What “Good Growth” Factors Make UK Cities Attractive to Development?

Jobs, income, health and housing are among the top priorities to UK residents. This is why businesses and workers are relocating to places other than London.

The Tech City UK Cluster Alliance, an industry group focused on the development of the technology sector throughout the entire country (i.e., outside of London), issued a surprising report in early 2015. In the analysis presented in “Tech Nation, Power the Digital Economy 2015,” the CEO of the group revealed that 74 per cent of the country’s digital businesses are outside of Inner London, with 21 digital clusters of innovative enterprise in as far-flung places as Edinburgh, Cardiff, Newcastle, Belfast, Hull and Bournemouth & Poole.

But that’s not to say the entire future of Great Britain rides on broadband and wireless technologies. Getting past digits, the world still needs widgets – and the people who make them, the lorries that distribute them and the ships that sell them across the globe. The savvy investors may find their gold in technology, but they are just as likely to make a good return on assets in other sectors. Even tech companies need to build data centres and office buildings, and their employees need homes to live in. Growth necessarily requires land on which to build.

This all speaks to a generalised approach to decentralisation and focused efforts by the Government to encourage growth throughout the country. London has become unaffordable and in certain respects unsustainable, what with global investors buying up much of the luxury housing and driving up the costs of doing business because employees need to be paid much more in order to afford living there.

In another study, the consulting firm PwC joined together with think-tank Demos just a few years ago to look at what makes for sustainable growth in UK cities. What they found was a host of factors that neatly define what will enable a Cardiff, for example, to grow its tech sector but also be a place where a diverse array of businesses can perform over time – including through economic hiccups that might cripple a single industry-centric town.

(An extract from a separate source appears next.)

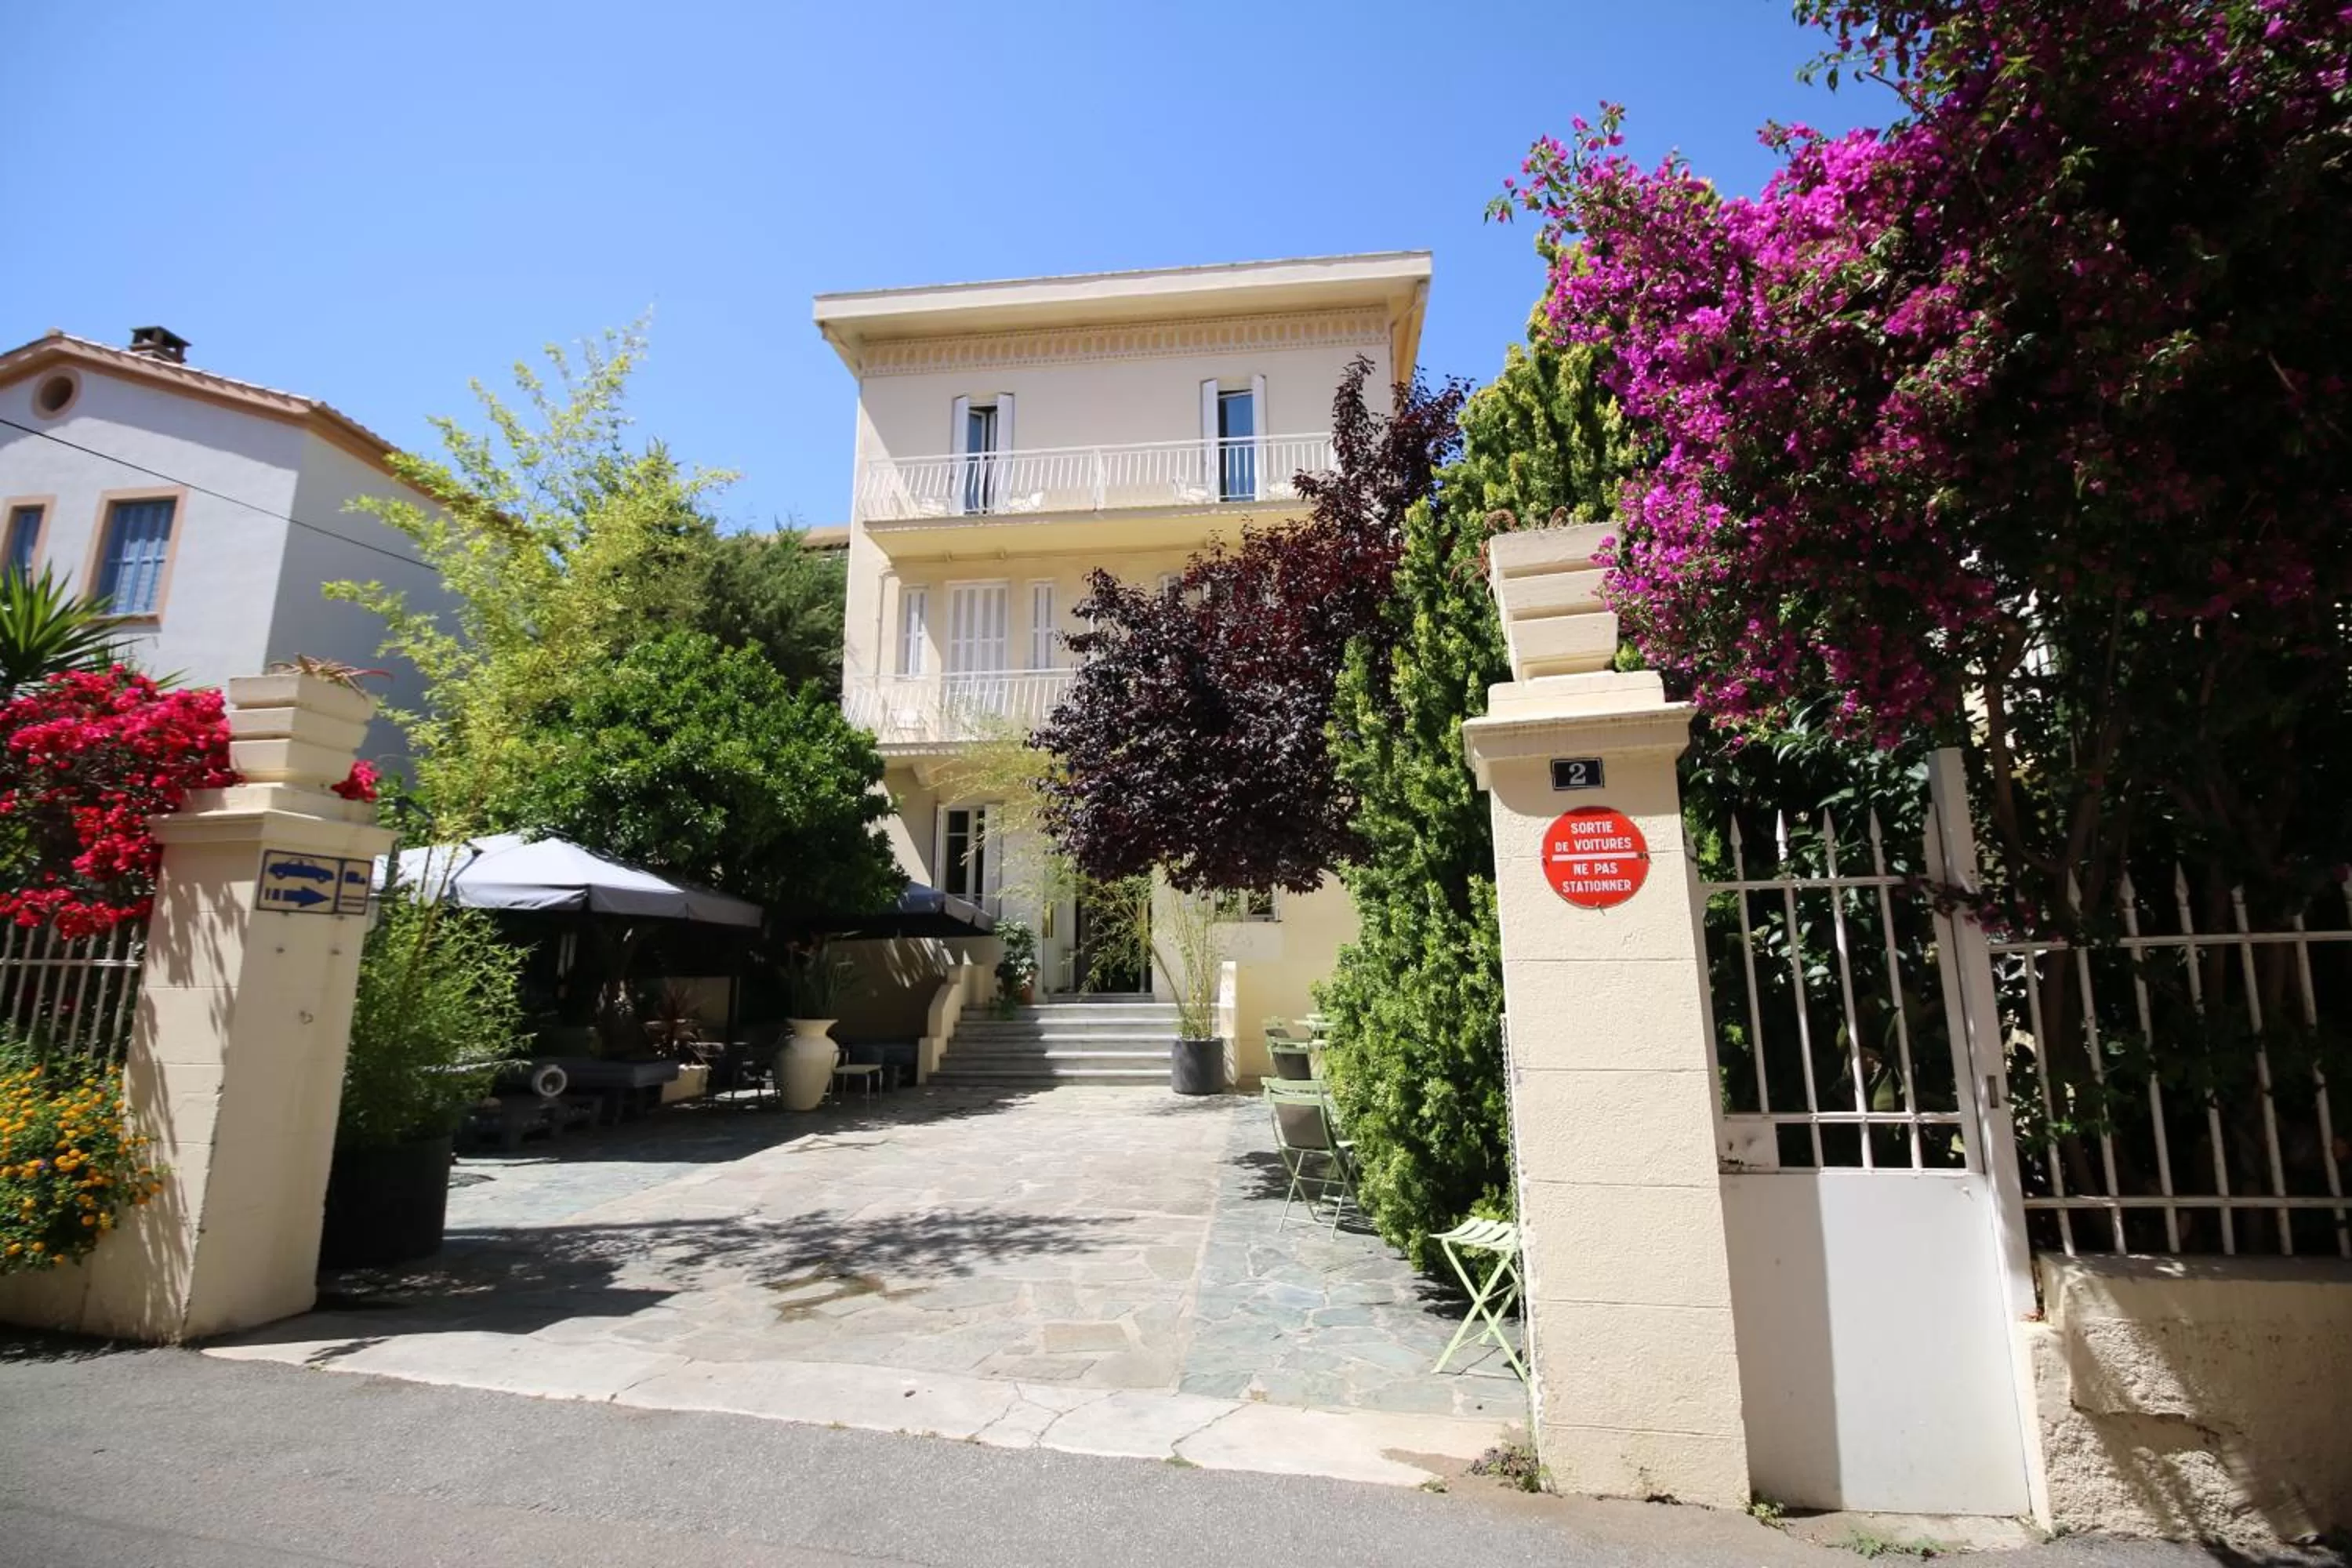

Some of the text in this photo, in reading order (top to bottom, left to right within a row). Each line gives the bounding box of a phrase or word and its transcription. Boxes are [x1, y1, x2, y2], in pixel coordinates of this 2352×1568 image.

The PwC/Demos study was presented in “Good Growth for cities, a report on urban economic wellbeing” (November 2012), based on a survey of the general public, business leaders, politicians and policy makers, combined with available data. The key factors defining a healthy local economy were the following:

Jobs – Considered the number one priority, well-paying employment enables almost everything else. Income and jobs were considered together (and thus weighted in the indices of the report) to account for about one-third of what defines a good growth city.

Income – While the importance of this cannot entirely be extracted from the same feelings about jobs, the distinction might be made that good pay scales certainly trump lower wages. The nature of a local economy and the relative factors of education are important contributing functions.

Health – Still largely linked to income but also to access and adequate local facilities, health was considered by survey respondents to be mostly at a par in importance with income. The two factors also are strongly correlated in that cities with higher incomes report better satisfaction with their health.

Time with family – Surprising to some, this ranked so high that a large portion of working people said they would forgo some income in order to spend more time with family. Londoners who work long hours and endure long commutes are most disadvantaged in this regard.

Housing that is affordable – This factor is often inversely related to other success factors (jobs and income), even though many claim it as a priority. Cities such as Bristol, which has attracted investment and jobs, ranks low in housing affordability; this might hamper its future growth, a “Londonisation effect,” so to speak.

Income distribution – As defined by the ratio of median to mean income, London scores low because of the pay disparities between service workers and highly compensated executives in the inner neighbourhoods. In some of the outlying boroughs, income distribution evens out a bit more, as it does elsewhere in the country.

Economy wide sectoral balance – This is about the share of manufacturing to total output, a means to assess the diversity of the business sector.

Environment – Largely measured as carbon emissions relative to GVA (gross value added), Bristol, Edinburgh and London received the best scores in this regard. The study authors suggest assessing sustainable growth holistically by incorporating environmental measures together with social and economic issues.

Transport – Average commuting time to work, a factor which scores lower where housing costs are unaffordable and the cities are bigger.

Future – Technically “providing for future generations,” this measures the per cent of households where long terms savings such as ISAs and stocks and bonds are held that can benefit children and grandchildren. It roughly correlates with income and income distribution scores.

Important to consider is how London ranked “average” or “below average” on all but three indicators (income, health and environment). Why? The Capital City’s lack of affordable housing, long working hours and congestion are hugely negative offsets to higher wages there. If somehow homes can be built near jobs, that would change.

Of course, land must be available and those orchestrating development need to understand what those cities already are planning to accommodate and support growth. In places such as Bristol, where growth is high but housing lags behind, it is likely a good place to invest if the land is available.

Investors should consider the local economies of where building is proposed, as well as their own personal wealth-building objectives and variables. An individual financial advisor can help balance those considerations.